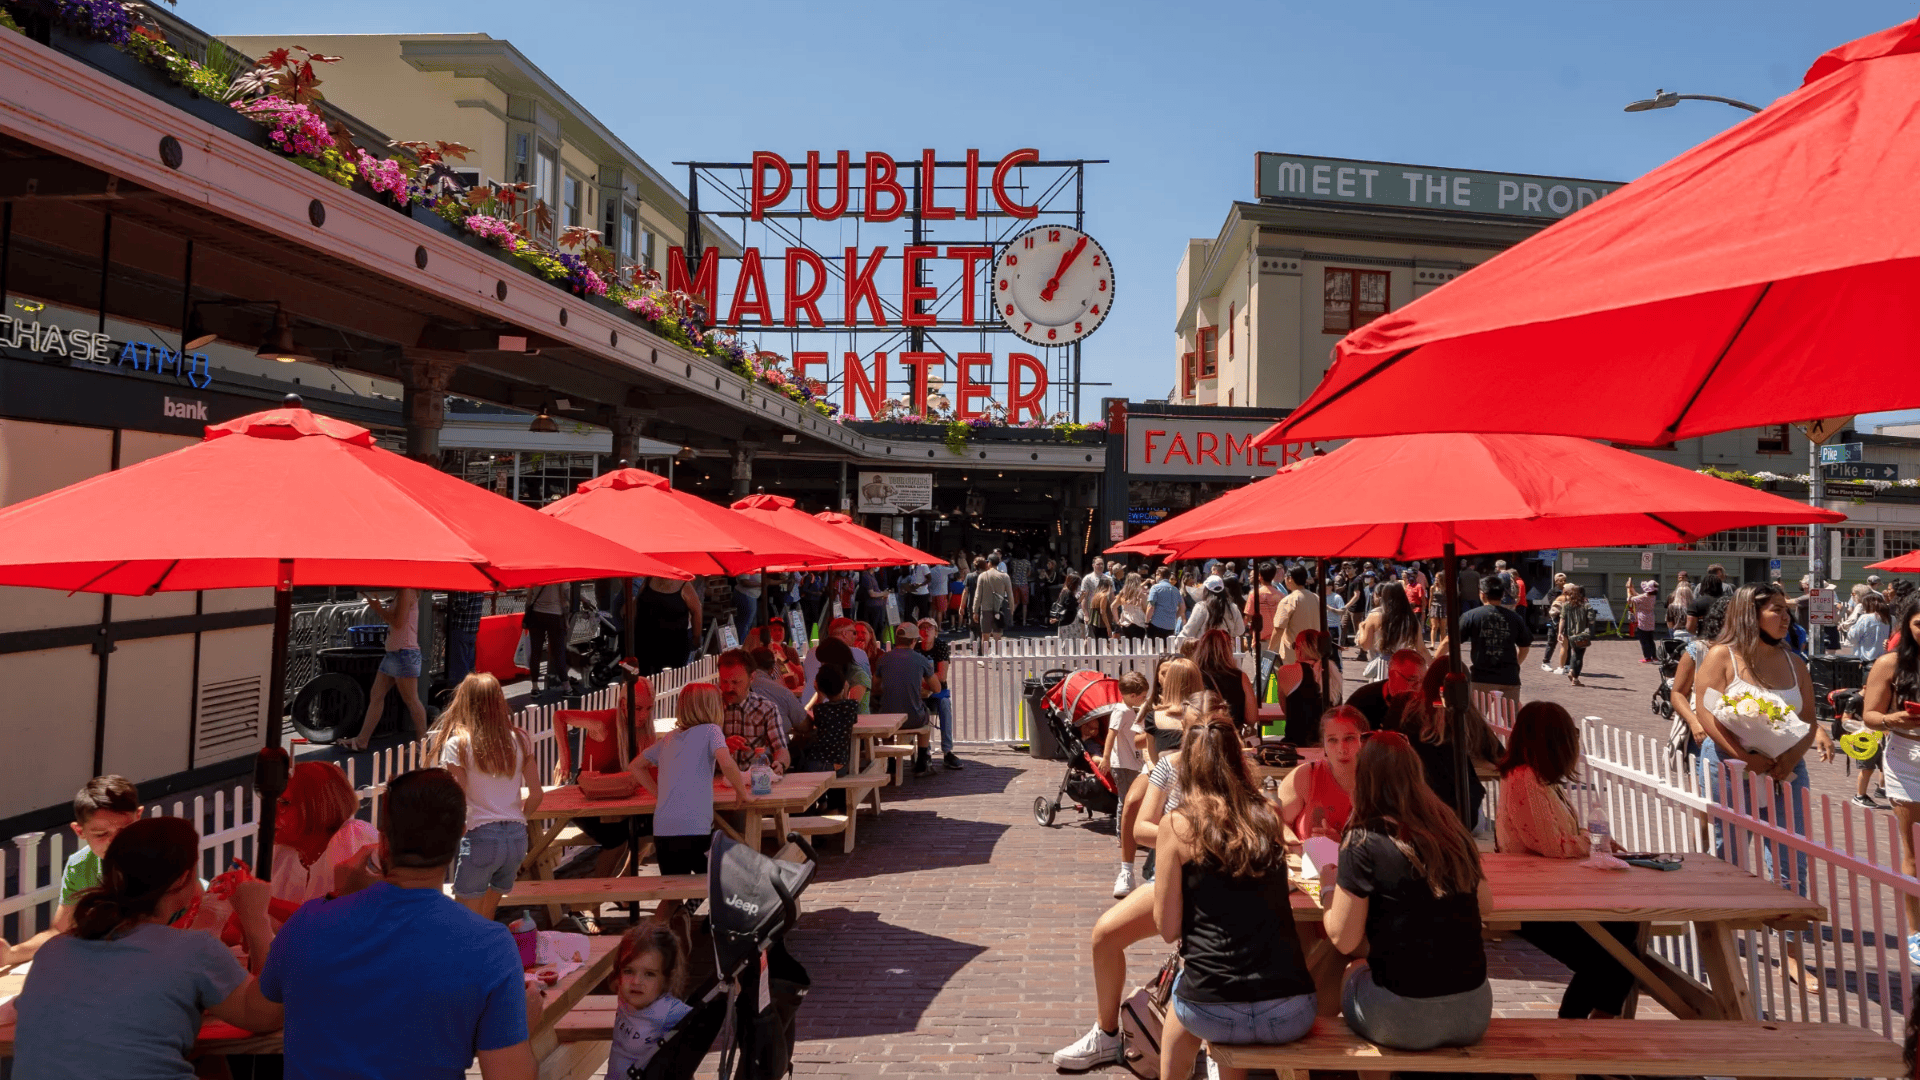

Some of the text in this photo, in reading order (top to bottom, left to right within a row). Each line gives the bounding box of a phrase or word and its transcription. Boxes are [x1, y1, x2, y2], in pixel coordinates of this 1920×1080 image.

[751, 148, 1040, 223] PUBLIC
[1278, 161, 1610, 214] MEET THE PROD
[1048, 230, 1061, 242] 12
[1025, 237, 1034, 249] 11
[1006, 255, 1018, 266] 10
[1093, 255, 1101, 266] 2
[667, 246, 993, 327] MARKET
[999, 280, 1008, 291] 9
[1098, 280, 1107, 291] 3
[1005, 304, 1015, 316] 8
[1090, 305, 1100, 315] 4
[1023, 322, 1033, 333] 7
[1074, 322, 1083, 333] 5
[1047, 328, 1057, 340] 6
[118, 340, 182, 377] ATM
[164, 396, 209, 421] bank
[1823, 447, 1838, 460] Pike
[1830, 463, 1875, 477] Pike Pl
[726, 894, 759, 915] Jeep
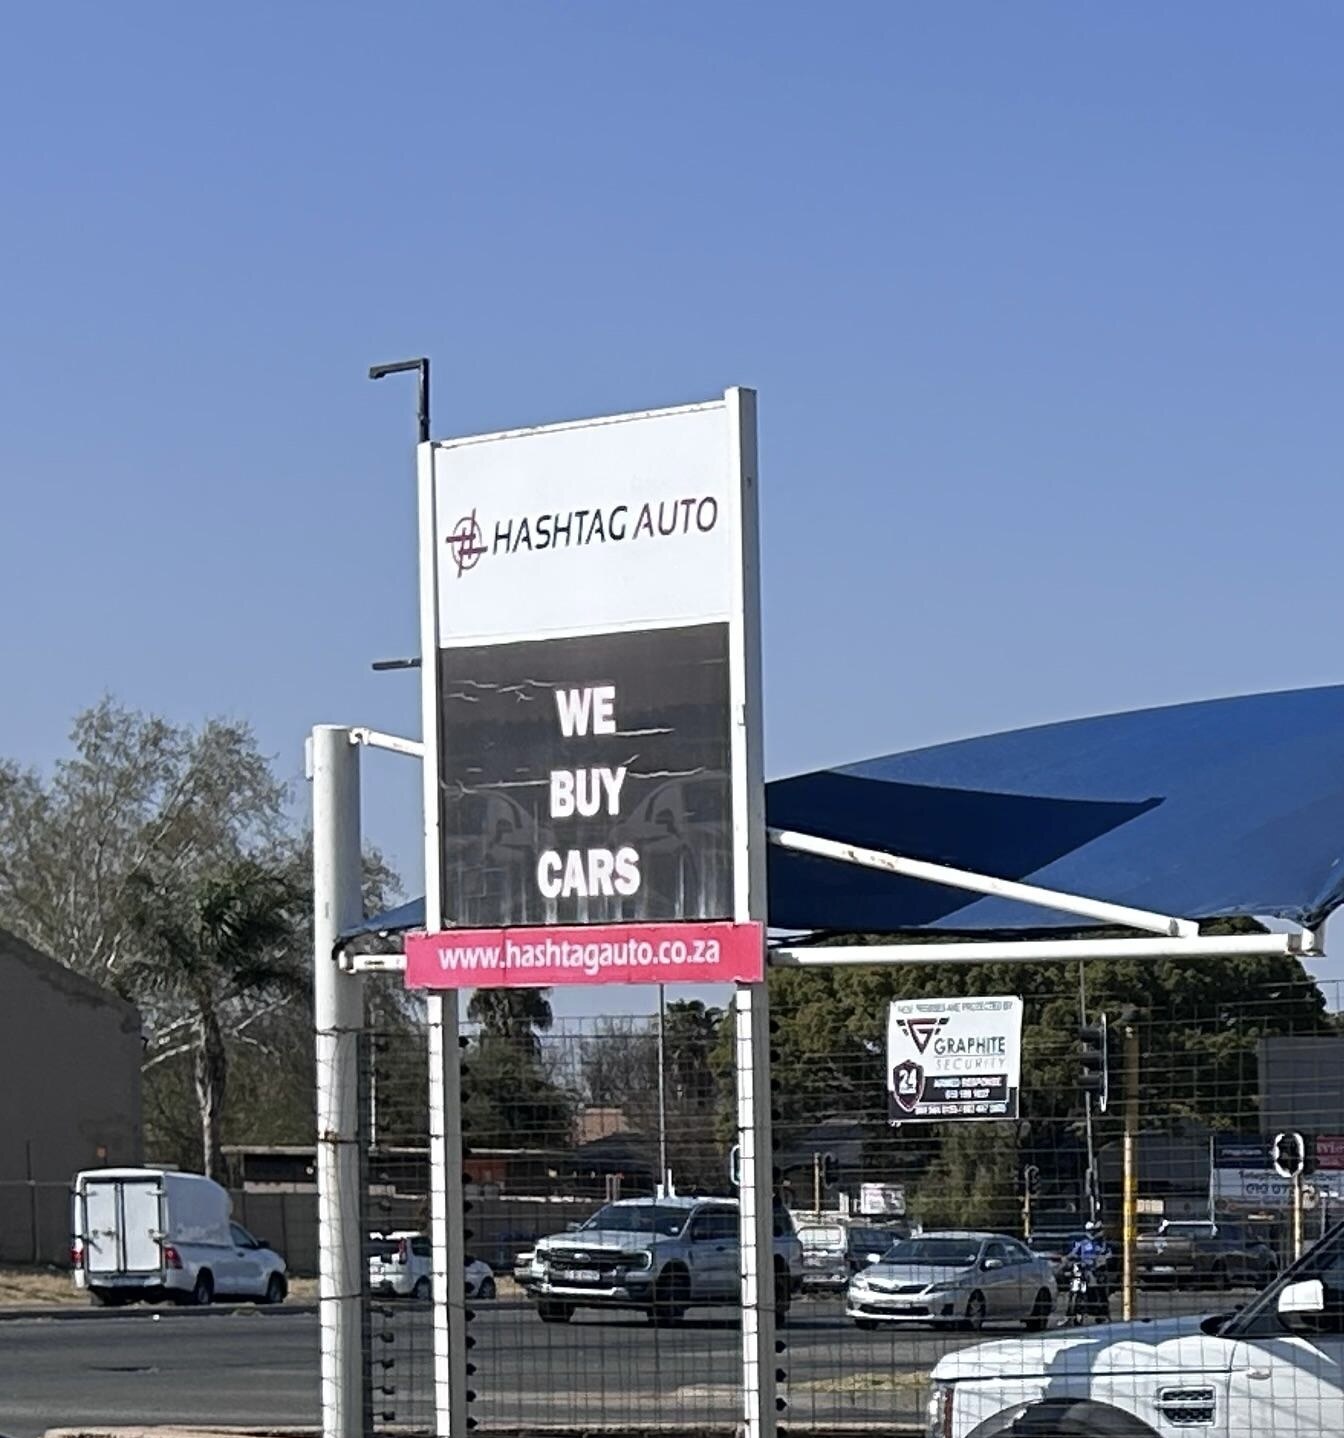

## TASK ITEM
Leaving out the images, repeat the listing above exactly.

## WRITTEN ANSWER
Some of the text in this photo, in reading order (top to bottom, left to right within a row). Each line gives the bounding box of a phrase or word and its transcription. Boxes are [x1, y1, x2, y2], in pixel coordinates of this 1920×1080 image.

[751, 148, 1040, 223] PUBLIC
[1278, 161, 1610, 214] MEET THE PROD
[1048, 230, 1061, 242] 12
[1025, 237, 1034, 249] 11
[1006, 255, 1018, 266] 10
[1093, 255, 1101, 266] 2
[667, 246, 993, 327] MARKET
[999, 280, 1008, 291] 9
[1098, 280, 1107, 291] 3
[1005, 304, 1015, 316] 8
[1090, 305, 1100, 315] 4
[1023, 322, 1033, 333] 7
[1074, 322, 1083, 333] 5
[1047, 328, 1057, 340] 6
[118, 340, 182, 377] ATM
[164, 396, 209, 421] bank
[1823, 447, 1838, 460] Pike
[1830, 463, 1875, 477] Pike Pl
[726, 894, 759, 915] Jeep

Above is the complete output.